Microglia phagocytose PMNs within the OHCs. PMNs (1 × 10⁵) were labeled with CMFDA (green) (A, B) or CMAC (blue) (C) and microglia with CMTMR (red) and then directly applied onto OHCs. A, OHC was fixed with 4% PFA and subsequently investigated using confocal microscopy. B, The images from a living slice show the three-dimensional reconstruction of one microglia that had already phagocytosed two PMNs (arrows) and was in progress to phagocytose another PMN (asterisk). The dotted line indicates the contact between microglia and PMNs. C, Time-lapse video microscopy was performed 4 h after experimental onset. Images show the engulfing of a motile PMN by the microglia. The white line indicates the migration pathway of the PMN. The microglia contacted the PMN at the time (3 min after start of time-lapse imaging) at which the PMN showed a velocity of 7.6 μm/min. The white dotted line shows the contact point between microglia and PMN (supplemental movie 1, available at www.jneurosci.org as supplemental material). Scale bars: A, 20 μm; B, 5 μm; C, 10 μm.

Figure 6.

Microglia engulf motile PMNs. The panels show CMFDA (green)-labeled PMNs (3 × 10⁵) cocultured with primary microglia (0.75 × 10⁵). Cell movements were recorded by time-lapse microscopy.
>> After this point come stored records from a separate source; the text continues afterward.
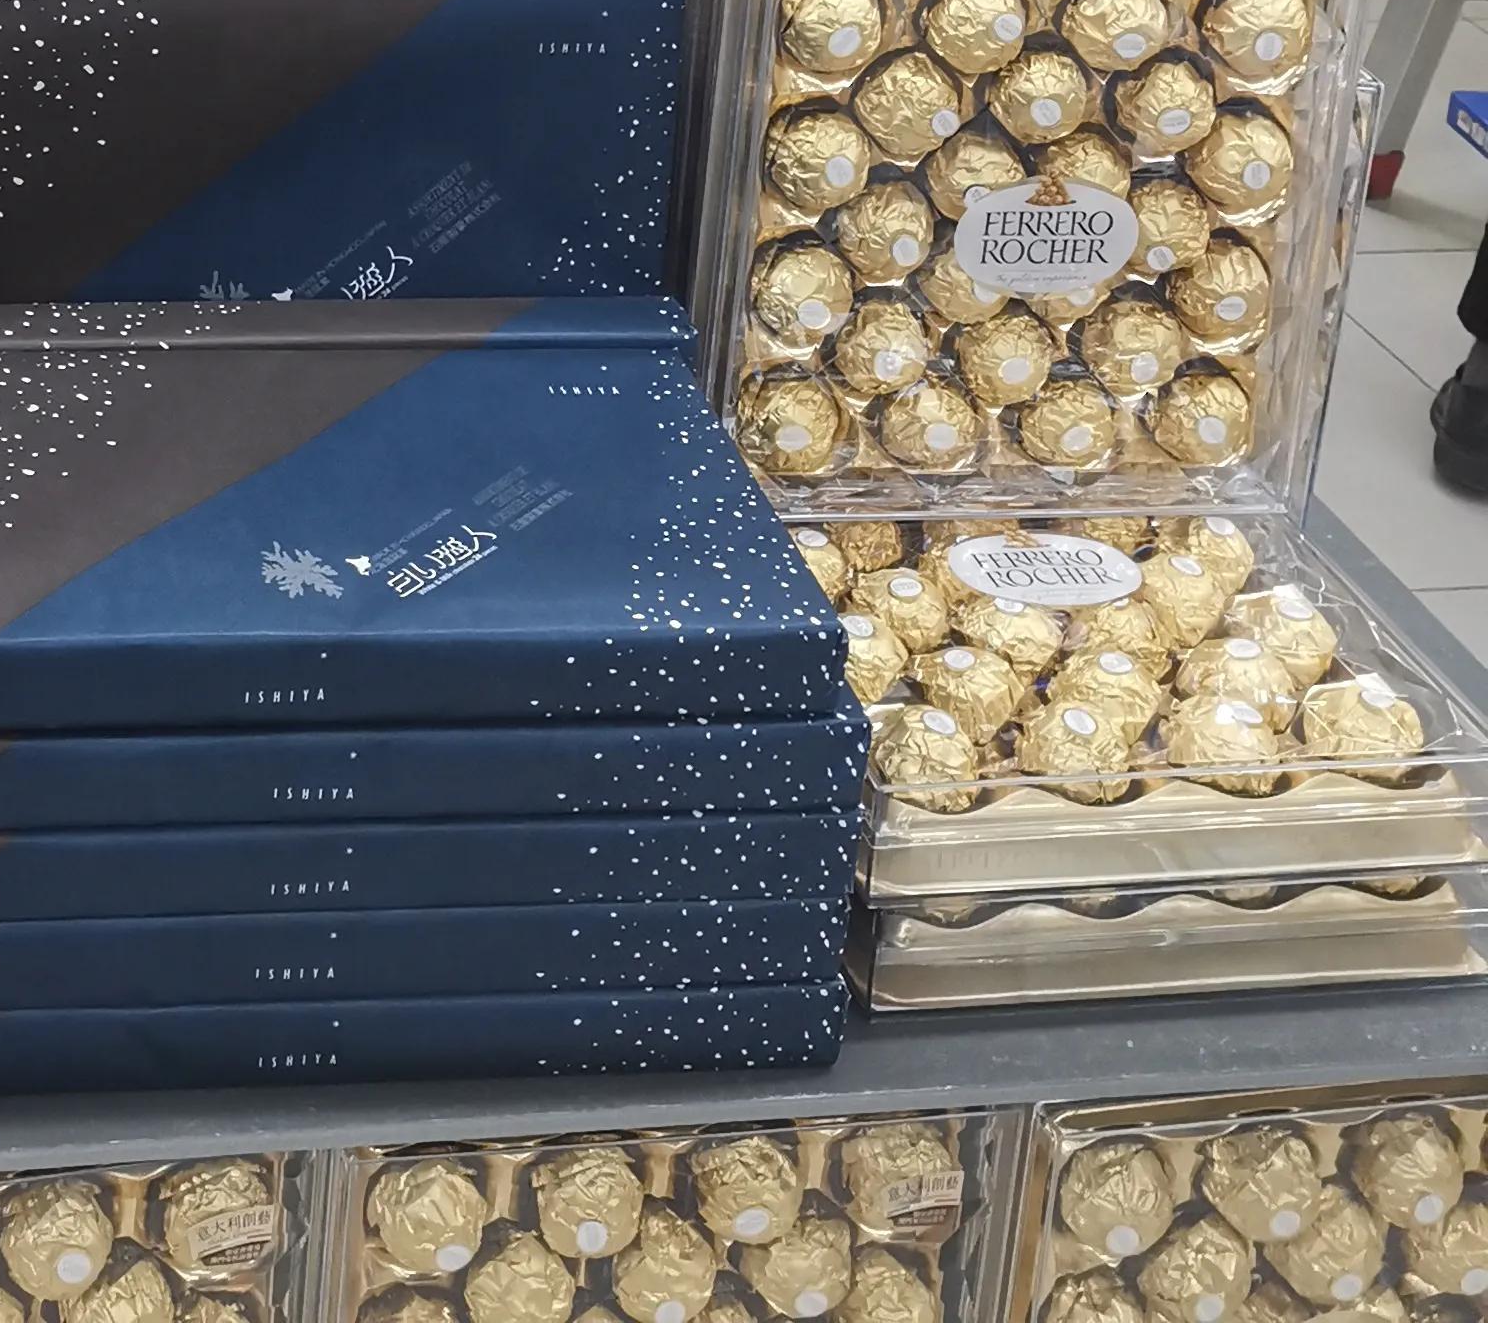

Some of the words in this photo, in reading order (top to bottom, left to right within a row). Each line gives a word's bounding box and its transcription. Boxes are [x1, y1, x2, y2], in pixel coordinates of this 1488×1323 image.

[539, 42, 607, 55] ISHIYA
[983, 210, 1114, 236] FERRERO
[980, 238, 1109, 264] ROCHER
[549, 385, 620, 396] ISHIYA
[971, 548, 1103, 568] FERRERO
[985, 566, 1123, 588] ROCHER
[245, 688, 325, 703] ISHIYA
[273, 787, 354, 800] ISHIYA
[271, 880, 350, 895] ISHIYA
[255, 967, 335, 980] ISHIYA
[258, 1054, 337, 1068] ISHIYA
A, The panel displays a microglia that engulfed a motile CMFDA-labeled PMN (arrow). A*, The image depicts the PMN migration path (white line) before the microglia contacted and engulfed the PMN (red circle). The integrated white graph shows the PMN velocity of 5 μm/min at the time the microglia had touched the PMN (supplemental movie 2, available at www.jneurosci.org as supplemental material). B, Images show the engulfment of an immotile CMFDA-labeled PMN (arrow) (supplemental movie 4, available at www.jneurosci.org as supplemental material). Scale bars, 10 μm.

Figure 7.

Microglia engulf preapoptotic and nonapoptotic PMNs. FITC-conjugated Annexin V was added to the microglia–PMN coculture, and thus proapoptotic cells were visualized by an increased FITC signal. The white thin arrow points on an Annexin V-positive PMN that was fully engulfed after 12 min. The arrowhead shows a PMN that was engulfed without exhibiting a FITC signal at any time point of the engulfment process (supplemental movie 5, available at www.jneurosci.org as supplemental material). Scale bars, 10 μm.

Figure 8.

Blockage of the engulfment process of PMNs by microglia worsens the outcome of neuronal viability after OGD. A, Microglia were preincubated with RGDS (1 mm) or GlcNAc (20 mm) or both for 20 min before PMNs were added to the microglia. Time-lapse microscopy was performed to distinguish the engulfment of immotile and motile PMNs by the microglia. Column scatterplots show the number of PMNs engulfed by microglia under the indicated conditions. Significance values are shown above the columns. B, The images show representative microglia that were exposed to PMNs. The arrows on the top image display the engulfed PMN within the microglia. The bottom image shows PMNs that adhere to the microglia without being internalized. C, Microglia were preincubated with RGDS (1 mm) and GlcNAc (20 mm) or both for 20 min before they were applied together with either human-derived (hPMN) or rat-derived (rPMN) PMN onto OGD-treated OHCs. Quantification of neuronal death in CA1–3 was determined by PI incorporation after 24 h [**p < 0.01, hPMN plus MIC (OGD) vs hPMN plus MIC plus RGDS/GlcNAc (OGD); ***p < 0.001, rPMN plus MIC (OGC) vs rPMN plus MIC plus RGDS/GlcNAc (OGD); n = 5–7/bar]. Error bars indicate SEM. CTRL, Control; MIC, microglia.